LG、スマホ事業10年の苦難に終止符 叔父が独立、コロナ特需で業績好調の今決断

LG、スマホ事業10年の苦難に終止符 叔父が独立、コロナ特需で業績好調の今決断の画像

 2021年4月5日、LG電子は、スマートフォン事業からの撤退を決めた。

 かつて、グローバル市場でアップル、サムスン電子に次ぐ3位の座にあった携帯市場で、LGはここ10年シェアを落とし続けていた。

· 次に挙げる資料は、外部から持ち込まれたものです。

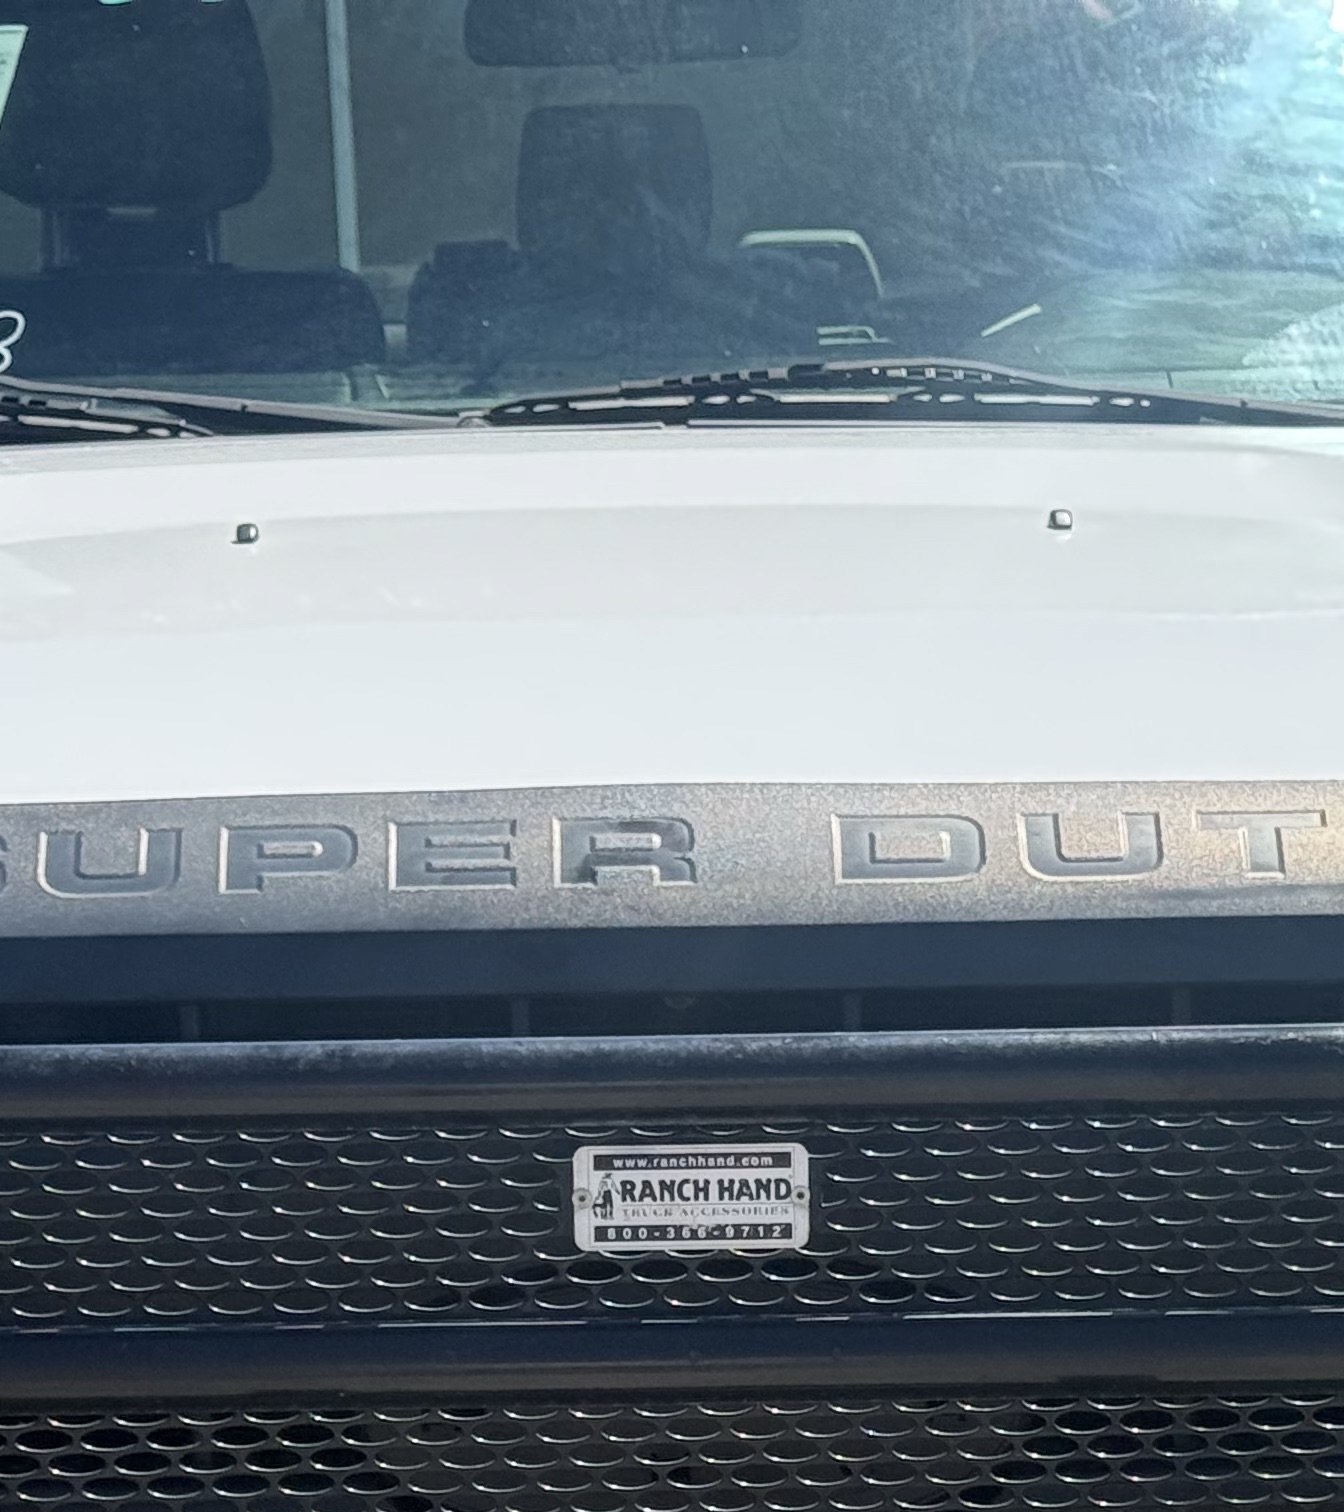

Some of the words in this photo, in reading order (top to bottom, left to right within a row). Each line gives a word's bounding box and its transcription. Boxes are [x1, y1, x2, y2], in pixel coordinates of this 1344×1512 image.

「スピード決断」の機会を逸して、赤字を積み重ねる形となってしまった。

2つの懸案に決着

 同じLGグループでEV(電気自動車)用バッテリーを生産・販売するLGエネルギーソリューション(LG化学のバッテリー部門を分社してできた会社)は4月11日、特許係争相手のSKイノベーションから2兆ウォン(1円=11ウォン)もの「合意金」を受け取ることで合意した。

 LGグループにとっては、新会長の就任から3年目を迎え、懸案だったスマホ事業の赤字問題と、バッテリー特許紛争に決着をつけた形だ。

 LG電子は4月5日の理事会(取締役会に相当)でスマホなど携帯電話機事業からの撤退を決めたと発表した。7月をめどに販売を終える。

 LGのスマホ事業のここ10年の苦難の歴史をみると、「強いリーダーシップを持ったオーナーが素早い意思決定で難局を乗り切り、成長分野に果敢に投資をする」という韓国の財閥についてのよくある認識とは異なる一面が垣間見える。

「オーナーの決断」がゆえに、大きな苦労を強いられたともいえる。

 携帯電話機市場は、ここ20年間、一貫して成長してきた。その一方で、競争から脱落した有名企業がこれほど多い市場もあまりないだろう。

 高品質だがグローバルマス市場で通用しなかった日本企業に加え、モトローラやノキアも激しい競争に勝てなかった。

 LGもこのリストに入ってしまった。